** Opening Supplied material block **
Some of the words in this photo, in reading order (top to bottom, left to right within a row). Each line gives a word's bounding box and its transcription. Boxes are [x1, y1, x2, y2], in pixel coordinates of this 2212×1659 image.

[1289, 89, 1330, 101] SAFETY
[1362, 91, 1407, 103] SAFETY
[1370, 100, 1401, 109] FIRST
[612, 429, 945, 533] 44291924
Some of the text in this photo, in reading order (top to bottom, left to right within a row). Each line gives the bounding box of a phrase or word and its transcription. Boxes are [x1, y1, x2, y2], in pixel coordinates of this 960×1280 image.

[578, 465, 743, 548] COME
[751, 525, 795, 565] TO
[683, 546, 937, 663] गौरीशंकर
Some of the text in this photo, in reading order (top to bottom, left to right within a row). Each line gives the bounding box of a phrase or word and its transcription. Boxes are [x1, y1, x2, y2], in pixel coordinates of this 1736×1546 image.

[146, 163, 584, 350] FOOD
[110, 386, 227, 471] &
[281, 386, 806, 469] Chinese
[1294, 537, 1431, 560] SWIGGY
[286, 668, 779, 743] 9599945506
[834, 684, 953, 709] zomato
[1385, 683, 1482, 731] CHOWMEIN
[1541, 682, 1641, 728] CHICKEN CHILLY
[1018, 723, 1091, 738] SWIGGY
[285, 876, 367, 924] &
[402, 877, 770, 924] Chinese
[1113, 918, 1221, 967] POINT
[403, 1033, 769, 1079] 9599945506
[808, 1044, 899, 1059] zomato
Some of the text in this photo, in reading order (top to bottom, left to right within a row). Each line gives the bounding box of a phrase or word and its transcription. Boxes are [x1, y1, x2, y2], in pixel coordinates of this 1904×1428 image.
** Closing Supplied material block **
• **Exercise prompt**:
The full listing above should be retyped without any alteration.

• **Solution for this task**:
Some of the words in this photo, in reading order (top to bottom, left to right within a row). Each line gives a word's bounding box and its transcription. Boxes are [x1, y1, x2, y2], in pixel coordinates of this 2212×1659 image.

[1289, 89, 1330, 101] SAFETY
[1362, 91, 1407, 103] SAFETY
[1370, 100, 1401, 109] FIRST
[612, 429, 945, 533] 44291924
Some of the text in this photo, in reading order (top to bottom, left to right within a row). Each line gives the bounding box of a phrase or word and its transcription. Boxes are [x1, y1, x2, y2], in pixel coordinates of this 960×1280 image.

[578, 465, 743, 548] COME
[751, 525, 795, 565] TO
[683, 546, 937, 663] गौरीशंकर
Some of the text in this photo, in reading order (top to bottom, left to right within a row). Each line gives the bounding box of a phrase or word and its transcription. Boxes are [x1, y1, x2, y2], in pixel coordinates of this 1736×1546 image.

[146, 163, 584, 350] FOOD
[110, 386, 227, 471] &
[281, 386, 806, 469] Chinese
[1294, 537, 1431, 560] SWIGGY
[286, 668, 779, 743] 9599945506
[834, 684, 953, 709] zomato
[1385, 683, 1482, 731] CHOWMEIN
[1541, 682, 1641, 728] CHICKEN CHILLY
[1018, 723, 1091, 738] SWIGGY
[285, 876, 367, 924] &
[402, 877, 770, 924] Chinese
[1113, 918, 1221, 967] POINT
[403, 1033, 769, 1079] 9599945506
[808, 1044, 899, 1059] zomato
Some of the text in this photo, in reading order (top to bottom, left to right within a row). Each line gives the bounding box of a phrase or word and its transcription. Boxes are [x1, y1, x2, y2], in pixel coordinates of this 1904×1428 image.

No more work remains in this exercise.